'Immortalis fieret Ibi manens homo; Arbor ibi quaelibet Suo gaudet pomo; Viae myrrha, cinnamo Fragrant, et amomo - Conjectari poterat Dominus ex domo' etc.
To the Italian mind, at all events, nature had by this time lost its taint of sin, and had shaken off all trace of demoniacal powers. Saint Francis of Assisi, in his Hymn to the Sun, frankly praises the Lord for creating the heavenly bodies and the four elements.
But the unmistakable proofs of a deepening effect of nature on the human spirit begin with Dante. Not only does he awaken in us by a few vigorous lines the sense of the morning air and the trembling light on the distant ocean, or of the grandeur of the storm-beaten forest, but he makes the ascent of lofty peaks, with the only possible object of enjoying the view - the first man, perhaps, since the days of antiquity who did so. In Boccaccio we can do little more than infer how country scenery affected him; yet his pastoral romances show his imagination to have been filled with it. But the significance of nature for a receptive spirit is fully and clearly displayed by Petrarch - one of the first truly modern men.
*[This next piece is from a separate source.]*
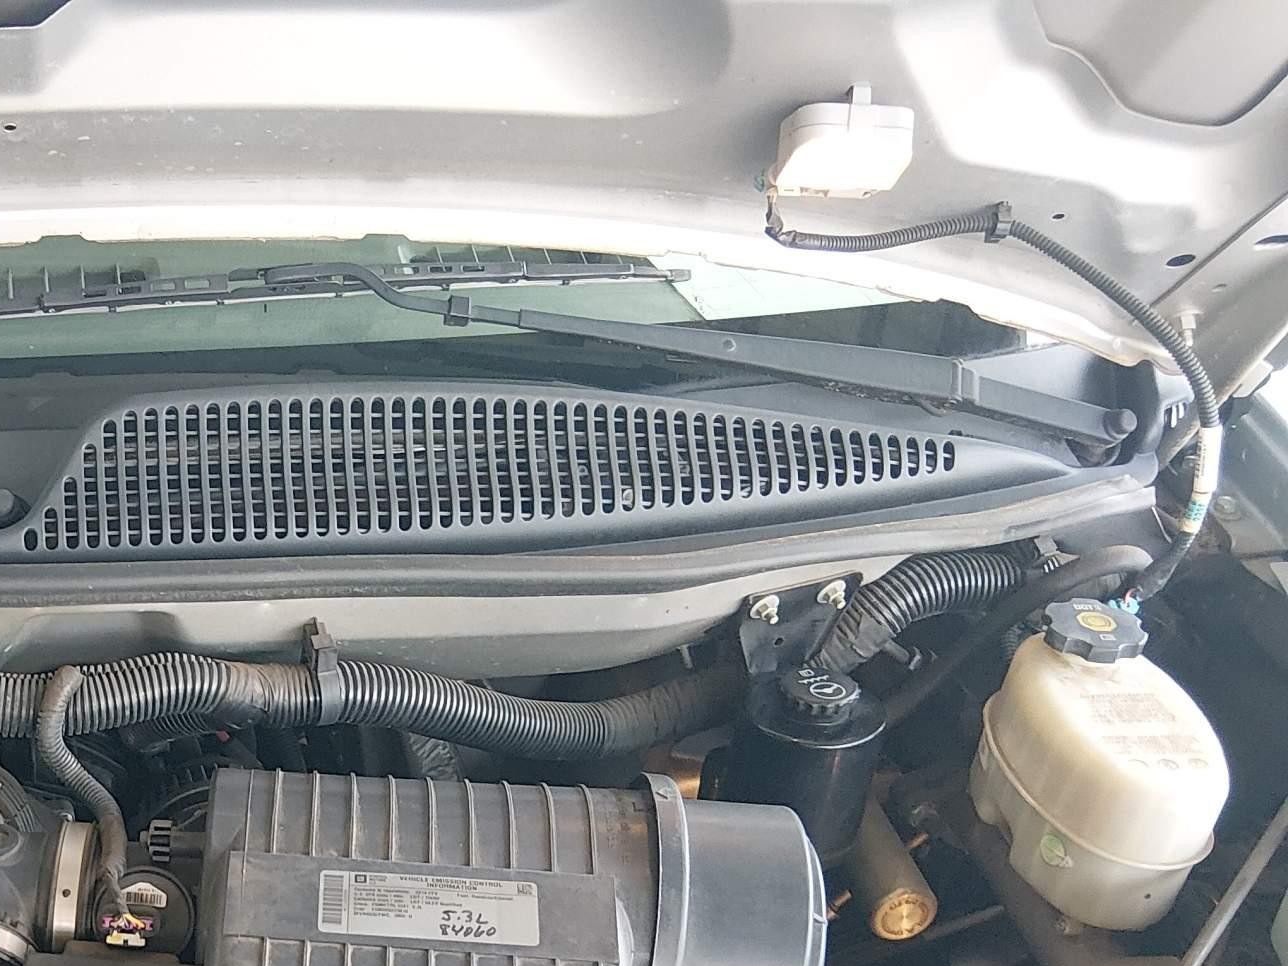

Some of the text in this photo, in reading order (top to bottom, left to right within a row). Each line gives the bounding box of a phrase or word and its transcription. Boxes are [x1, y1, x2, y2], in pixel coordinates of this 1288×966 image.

That clear soul - who first collected from the literature of all countries evidence of the origin and progress of the sense of natural beauty, and himself, in his 'Aspects of Nature,' achieved the noblest masterpiece of description - Alexander von Humboldt has not done full justice to Petrarch; and following in the steps of the great reaper, we may still hope to glean a few ears of interest and value.